**** PROVIDED INFORMATION
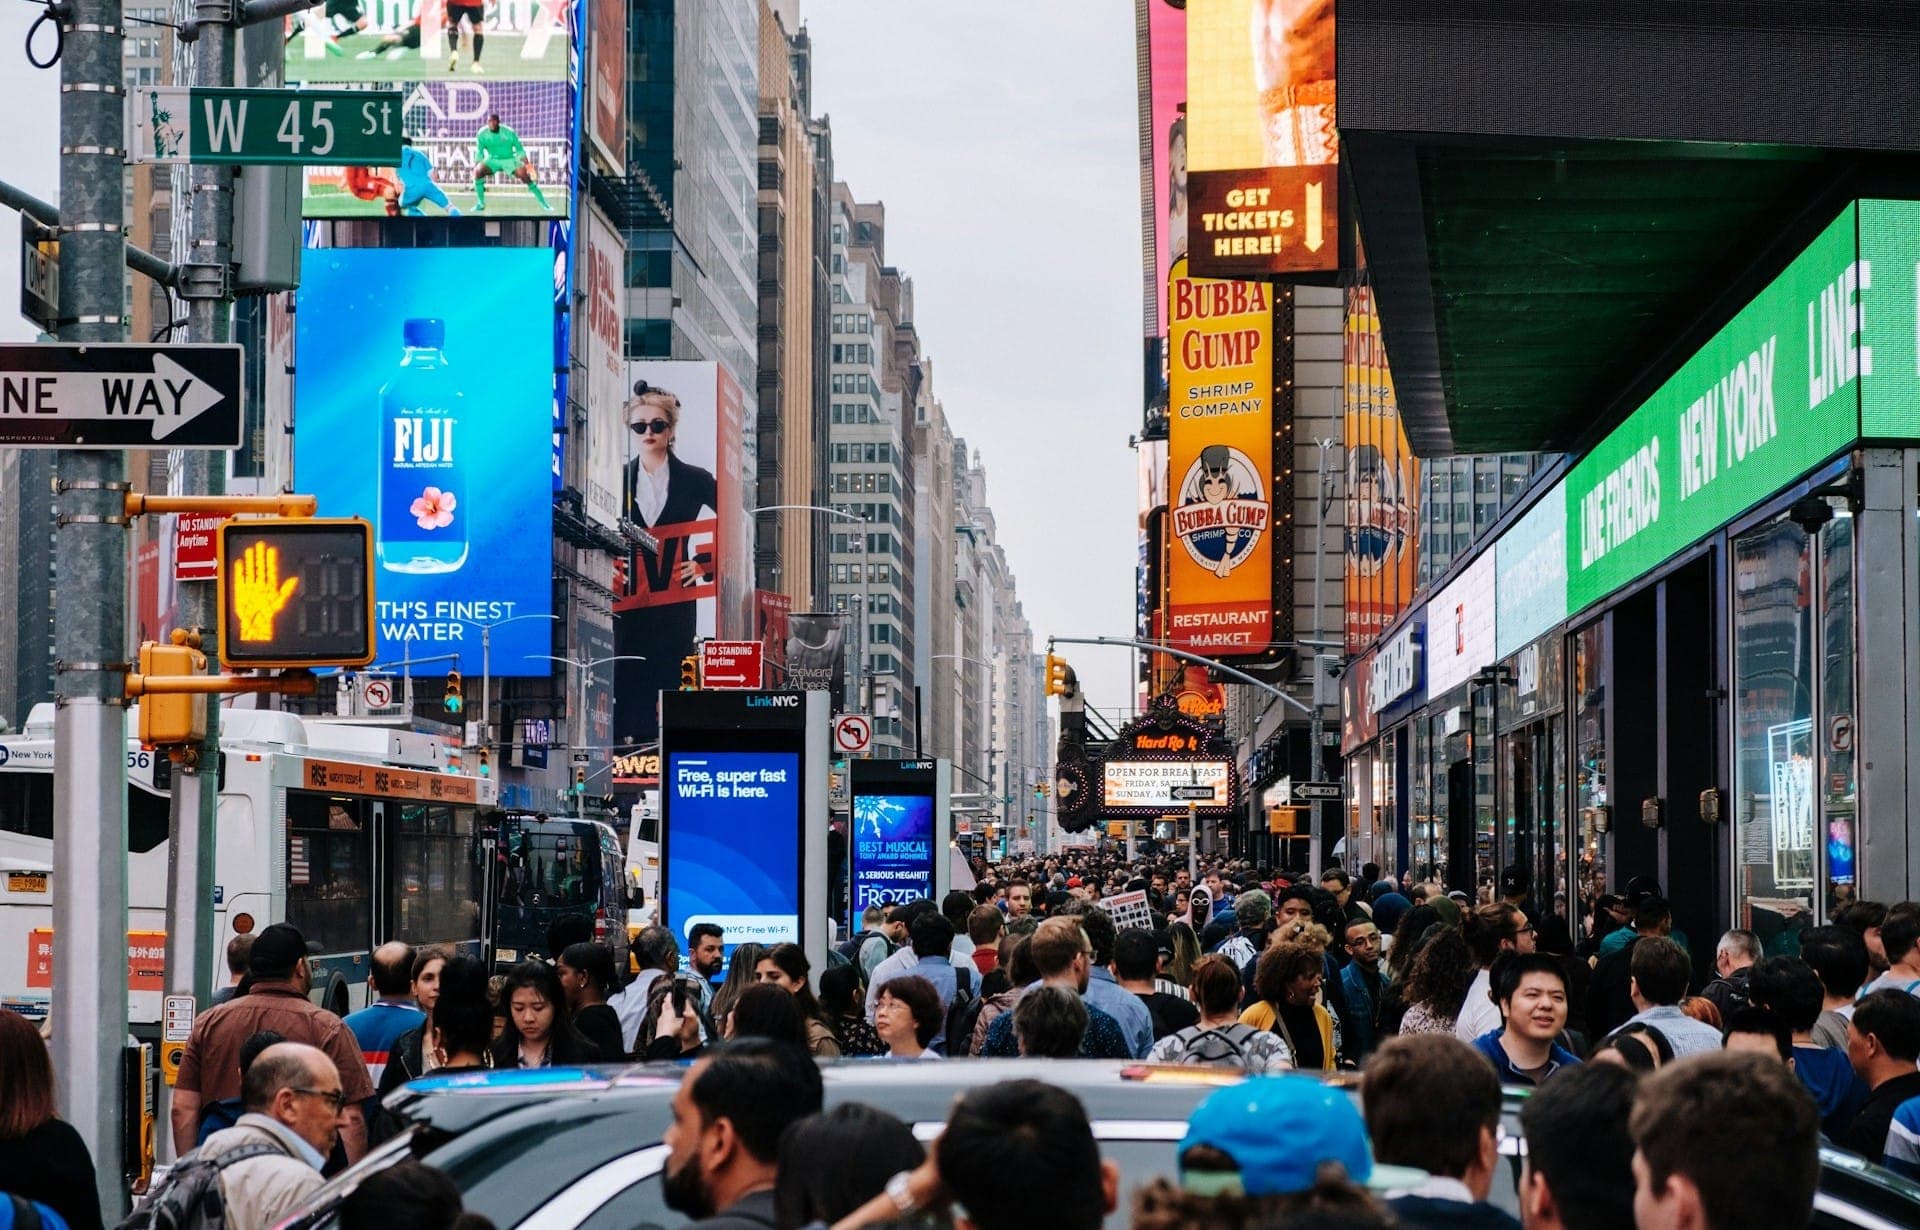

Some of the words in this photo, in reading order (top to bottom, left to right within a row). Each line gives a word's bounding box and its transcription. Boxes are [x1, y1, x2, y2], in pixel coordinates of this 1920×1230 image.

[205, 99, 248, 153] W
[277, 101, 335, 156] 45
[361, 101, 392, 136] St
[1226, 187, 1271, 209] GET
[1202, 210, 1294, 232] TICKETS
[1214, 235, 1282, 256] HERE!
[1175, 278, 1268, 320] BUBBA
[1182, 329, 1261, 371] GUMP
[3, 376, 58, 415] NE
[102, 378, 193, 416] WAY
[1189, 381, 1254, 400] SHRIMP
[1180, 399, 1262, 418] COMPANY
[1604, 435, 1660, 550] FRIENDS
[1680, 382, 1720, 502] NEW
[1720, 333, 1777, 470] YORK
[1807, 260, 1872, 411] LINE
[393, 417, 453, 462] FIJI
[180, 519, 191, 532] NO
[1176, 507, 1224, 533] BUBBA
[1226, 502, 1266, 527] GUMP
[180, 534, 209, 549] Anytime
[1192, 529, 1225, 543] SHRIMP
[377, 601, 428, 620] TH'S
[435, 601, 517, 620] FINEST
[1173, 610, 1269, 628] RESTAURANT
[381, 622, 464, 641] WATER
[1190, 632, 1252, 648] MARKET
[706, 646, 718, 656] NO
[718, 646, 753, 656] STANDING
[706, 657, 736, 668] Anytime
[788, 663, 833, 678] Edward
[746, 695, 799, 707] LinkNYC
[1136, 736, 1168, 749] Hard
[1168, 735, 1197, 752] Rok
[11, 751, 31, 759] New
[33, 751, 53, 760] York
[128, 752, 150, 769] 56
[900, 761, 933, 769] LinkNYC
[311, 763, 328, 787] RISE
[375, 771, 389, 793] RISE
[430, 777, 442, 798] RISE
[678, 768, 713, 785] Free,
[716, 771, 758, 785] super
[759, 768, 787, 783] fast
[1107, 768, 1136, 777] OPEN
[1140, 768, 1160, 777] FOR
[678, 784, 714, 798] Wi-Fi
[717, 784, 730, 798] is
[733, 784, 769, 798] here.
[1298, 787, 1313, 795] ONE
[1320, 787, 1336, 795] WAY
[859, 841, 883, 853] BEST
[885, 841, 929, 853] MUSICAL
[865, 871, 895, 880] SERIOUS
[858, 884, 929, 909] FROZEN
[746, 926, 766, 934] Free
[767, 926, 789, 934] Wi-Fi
********
#### [AIM OF THE EXERCISE]
Read the entries above and find each line holding the word "RISE". Copy it out.

#### [ANSWER SPACE]
[311, 763, 328, 787] RISE
[375, 771, 389, 793] RISE
[430, 777, 442, 798] RISE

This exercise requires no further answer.